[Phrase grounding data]
# # # # # # #
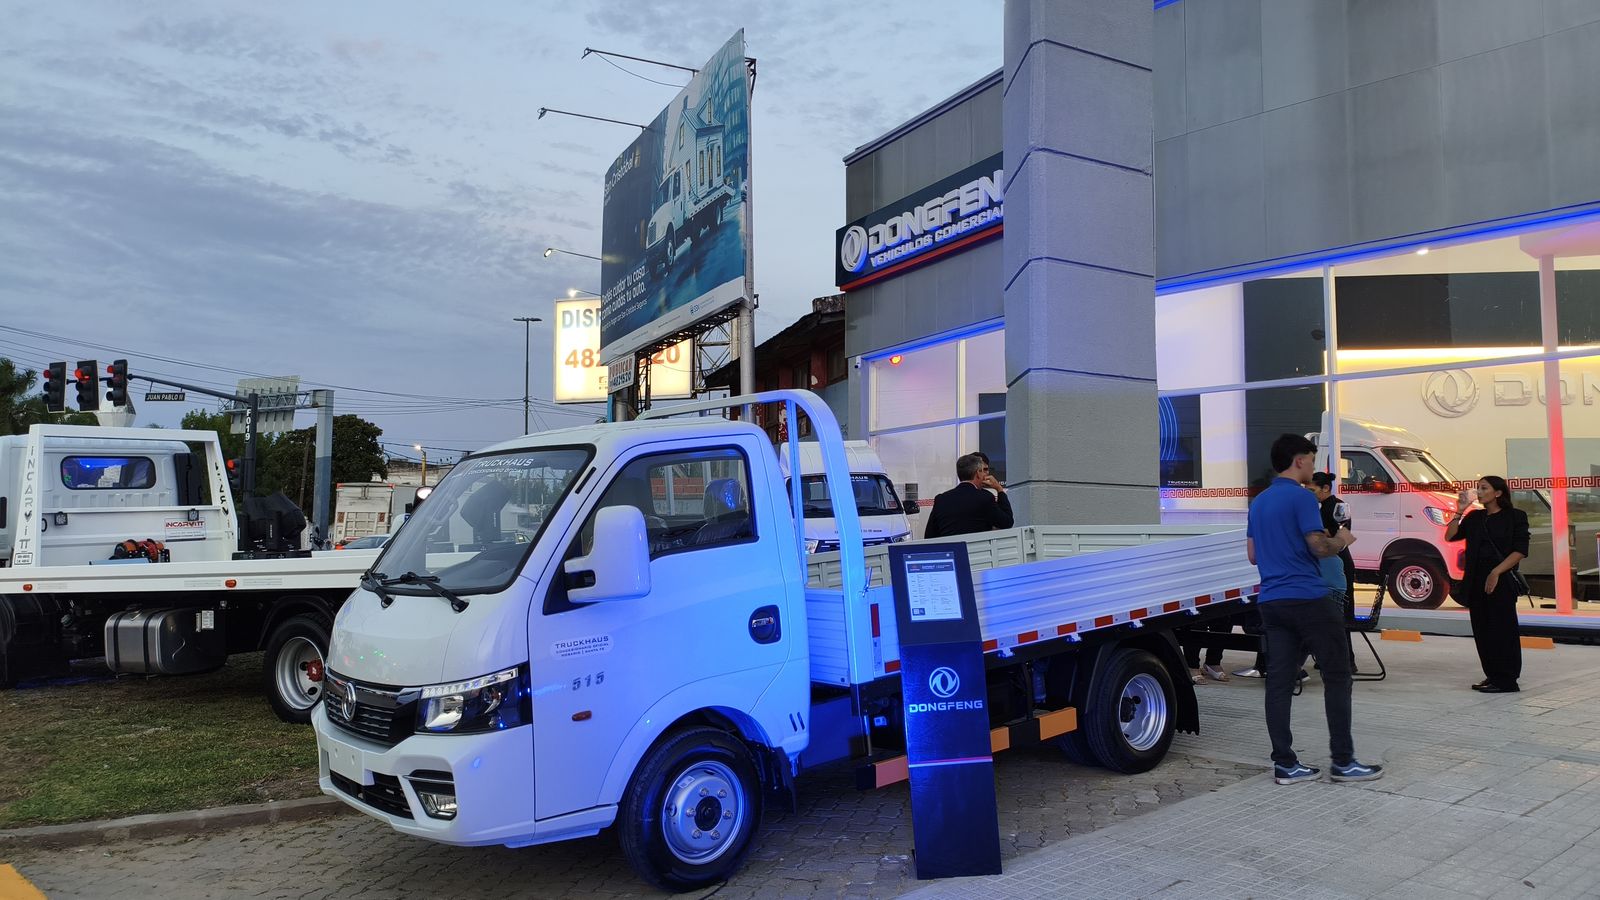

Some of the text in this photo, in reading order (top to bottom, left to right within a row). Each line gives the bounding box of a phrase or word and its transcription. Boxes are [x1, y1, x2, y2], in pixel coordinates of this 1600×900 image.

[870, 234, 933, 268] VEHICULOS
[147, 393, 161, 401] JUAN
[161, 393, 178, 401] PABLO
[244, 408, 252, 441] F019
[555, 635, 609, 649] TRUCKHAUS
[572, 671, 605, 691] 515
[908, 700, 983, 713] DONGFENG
# # # # # # #
◆ **EXERCISE OBJECTIVE**
Write out every record exactly. Leave the pictures out.

◆ **ANSWER SPACE**
Some of the text in this photo, in reading order (top to bottom, left to right within a row). Each line gives the bounding box of a phrase or word and its transcription. Boxes are [x1, y1, x2, y2], in pixel coordinates of this 1600×900 image.

[870, 234, 933, 268] VEHICULOS
[147, 393, 161, 401] JUAN
[161, 393, 178, 401] PABLO
[244, 408, 252, 441] F019
[555, 635, 609, 649] TRUCKHAUS
[572, 671, 605, 691] 515
[908, 700, 983, 713] DONGFENG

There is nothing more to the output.